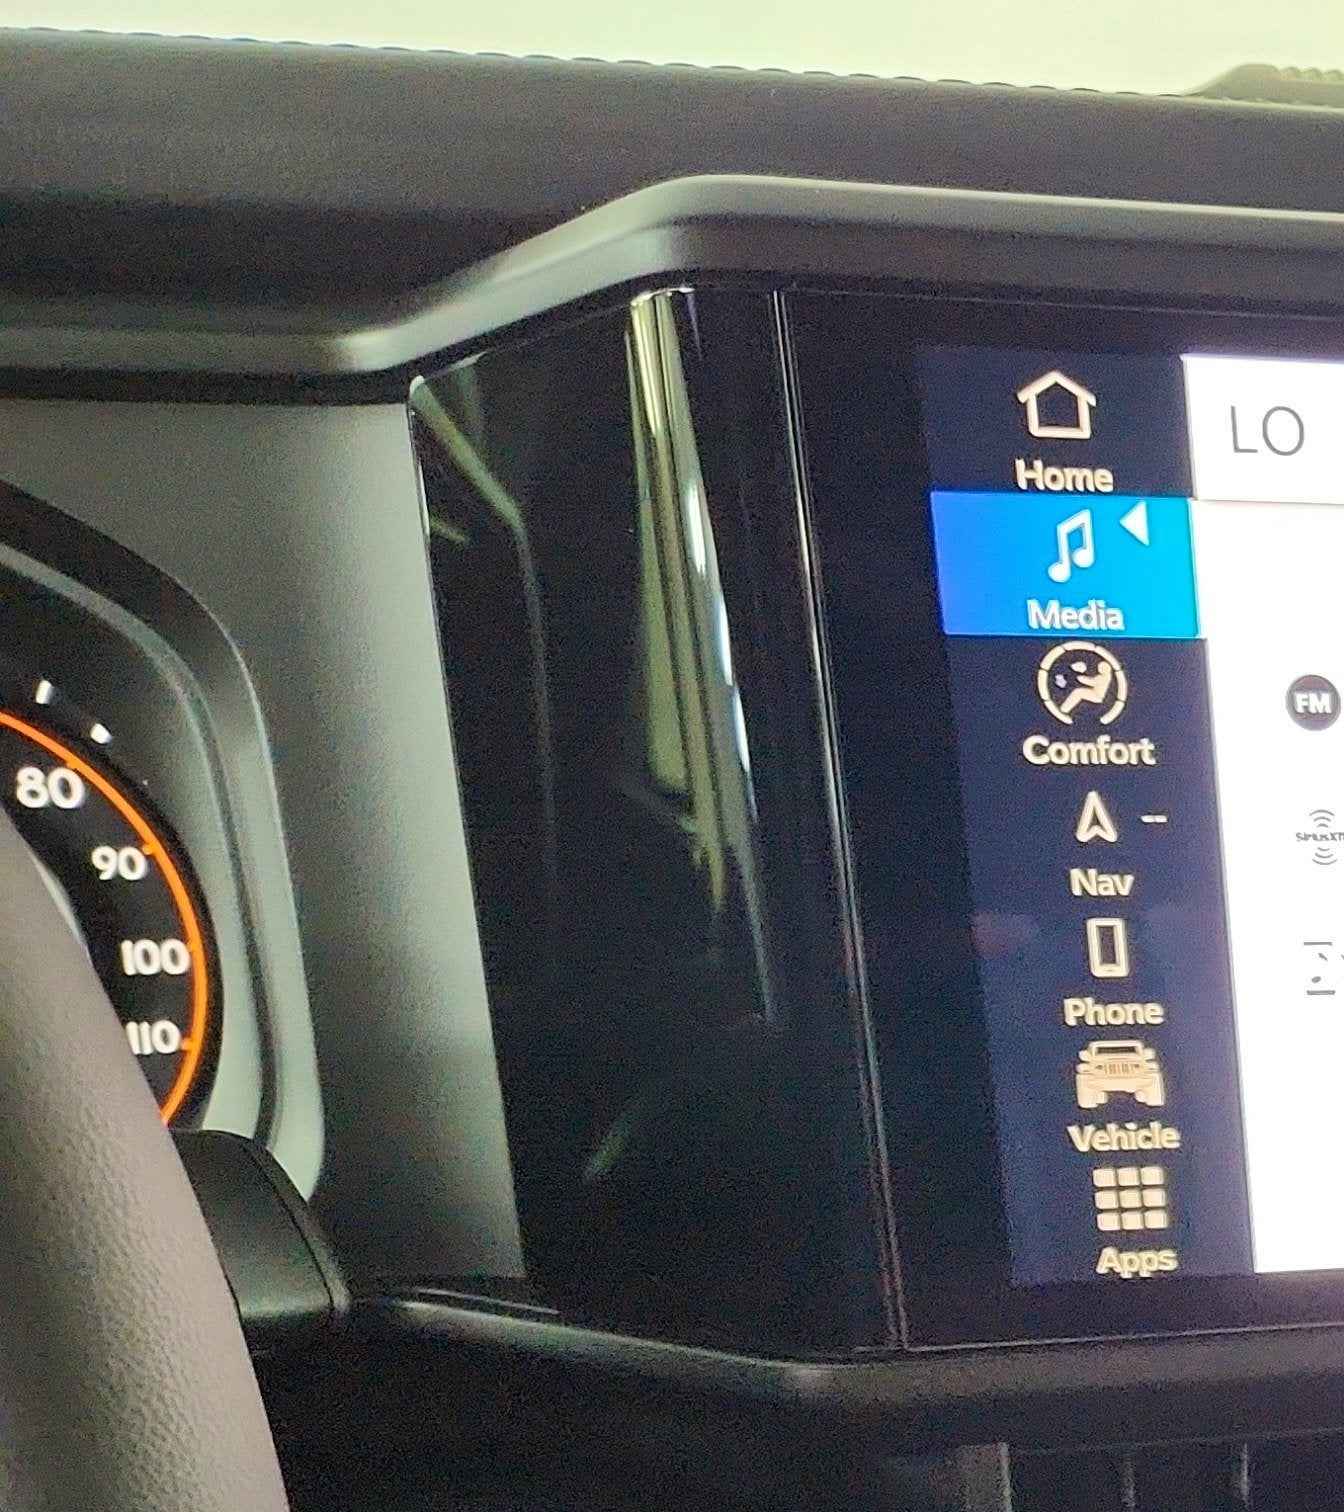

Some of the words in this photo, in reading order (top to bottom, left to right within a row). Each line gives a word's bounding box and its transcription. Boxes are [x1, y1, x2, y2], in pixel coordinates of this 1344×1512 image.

[1230, 406, 1305, 455] LO
[1017, 459, 1114, 494] Home
[1027, 601, 1125, 632] Media
[1295, 693, 1333, 715] FM
[1022, 736, 1157, 768] Comfort
[15, 767, 84, 809] 80
[92, 846, 149, 881] 90
[1070, 868, 1134, 898] Nav
[121, 939, 191, 977] 100
[1064, 998, 1164, 1027] Phone
[126, 1019, 182, 1056] 110
[1068, 1122, 1180, 1153] Vehicle
[1097, 1246, 1178, 1279] Apps
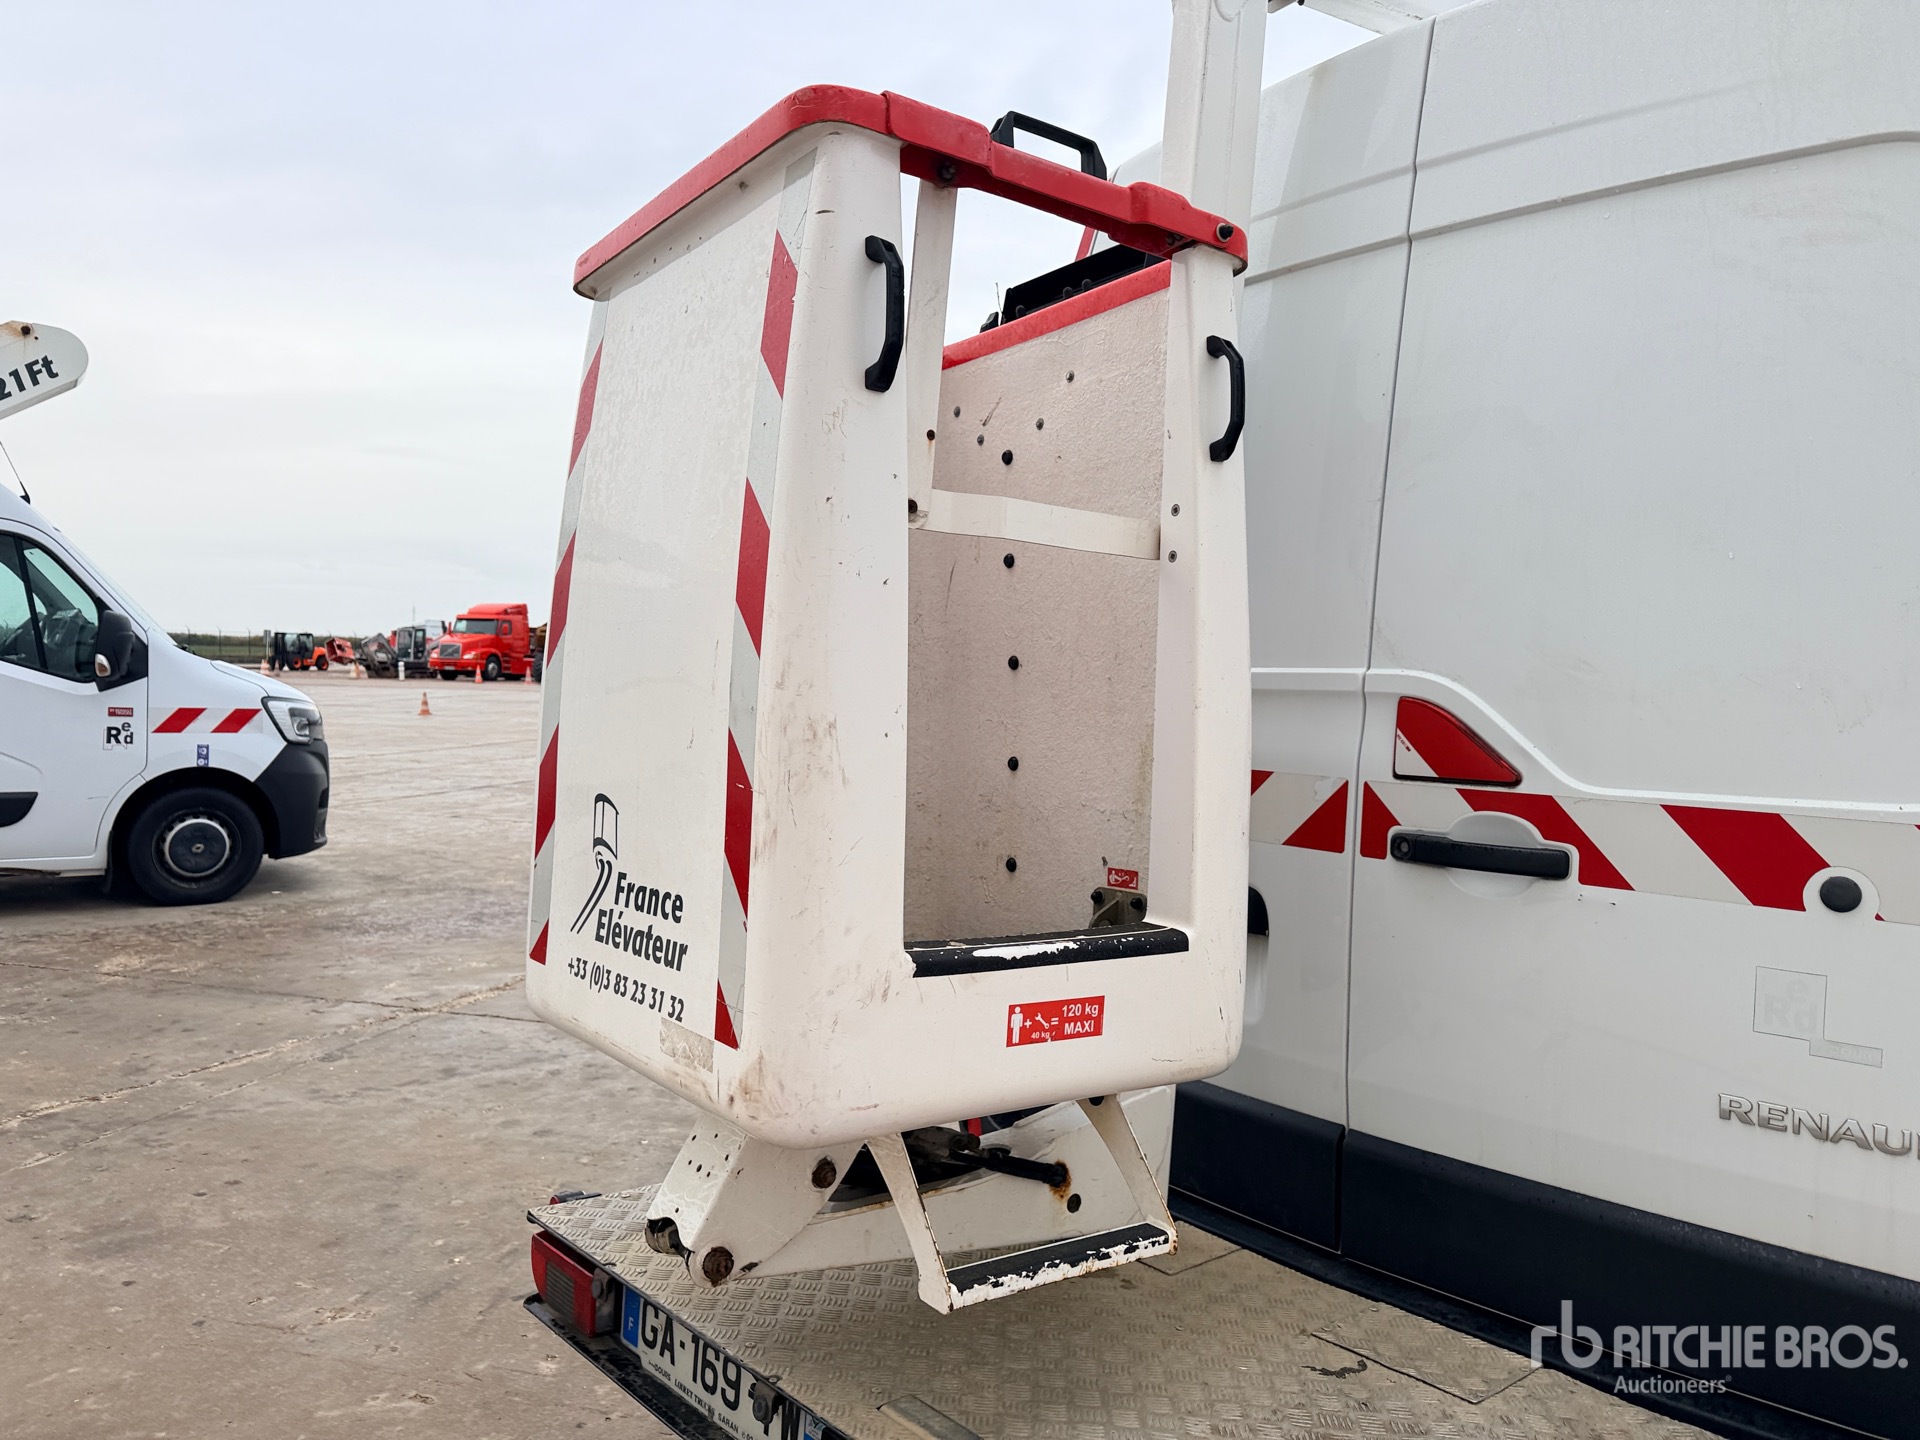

▸ Exercise goal:
Each line of the records is to be reproduced exactly, and each picture dropped.

▸ Answer to this problem:
Some of the words in this photo, in reading order (top to bottom, left to right within a row). Each line gives a word's bounding box and its transcription. Boxes are [x1, y1, x2, y2], in pixel coordinates of this 1344×1512 image.

[1230, 406, 1305, 455] LO
[1017, 459, 1114, 494] Home
[1027, 601, 1125, 632] Media
[1295, 693, 1333, 715] FM
[1022, 736, 1157, 768] Comfort
[15, 767, 84, 809] 80
[92, 846, 149, 881] 90
[1070, 868, 1134, 898] Nav
[121, 939, 191, 977] 100
[1064, 998, 1164, 1027] Phone
[126, 1019, 182, 1056] 110
[1068, 1122, 1180, 1153] Vehicle
[1097, 1246, 1178, 1279] Apps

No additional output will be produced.